Sábado 10 de Febrero de 2018 - 12:01 AM

San Valentín

Columnista: Alfonso Marin

El mes de febrero tradicionalmente no es muy rico en acontecimientos importantes o fechas conmemorativas de carácter histórico, quizá la fiesta que más sobresale por sus alcances sociales es la fiesta de San Valentín, considerada como la fiesta de los enamorados en muchos lugares del mundo, incluyendo unos cuantos países de América. Sus orígenes son bastante remotos, como quiera que se considera a San Gelasio, un papa del siglo V el promotor de esta fiesta justamente el 14 de febrero, día del nacimiento de este santo. Según la cultura y la tradición, cada país celebra a su manera esta festividad, que como la Navidad es una de las más bonitas y significativas en la vida de las familias y las parejas. Por las noticas de cada año sabemos que en la cultura anglosajona, de marcada influencia en Norteamérica y su área de influencia la fiesta de San Valentín es todo un acontecimiento que mueve y conmueve toda la economía nacional. El sentido familiar se viste de gala para reunir alrededor suyo todo lo que tiene de amable la convivencia pacífica de los amigos y parientes. Los regalos van y vienen de manera generosa como para que no quede duda que el cariño y la amistad son pilares fundamentales del bienestar entre las personas. Las flores en su mayoría de origen Colombiano, engalanan los centros comerciales y en la intimidad de las casas dan testimonio de amor entre los enamorados. Muchos países vecinos nuestros también estarán de fiesta de enamorados este 14 de febrero, como Chile, Argentina, Ecuador, México, Cuba, Paraguay, Puerto Rico y Venezuela, fecha que este año curiosamente coincide con el Miércoles de Ceniza del calendario católico, preparatorio a la celebración de la Semana Mayor.

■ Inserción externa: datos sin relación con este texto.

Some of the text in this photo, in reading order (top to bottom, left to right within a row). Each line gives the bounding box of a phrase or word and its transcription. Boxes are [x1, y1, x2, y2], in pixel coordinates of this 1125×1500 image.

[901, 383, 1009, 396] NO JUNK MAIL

Así San Valentín no sea un santo muy cercano a nuestras tradiciones culturales, nos alegramos que exista en el mundo un día para rendir homenaje al amor y la amistad, porque con ello estamos demostrando que en todo corazón existen sentimientos nobles que afloran ante cualquier llamado sencillo de la naturaleza. Las personas que tienen parientes lejos de sus hogares, como puede ser el caso de los venezolanos residentes en Bucaramanga, ojalá puedan comunicarse con este motivo para darse el abrazo de la amistad y la solidaridad, que seguramente les está haciendo falta.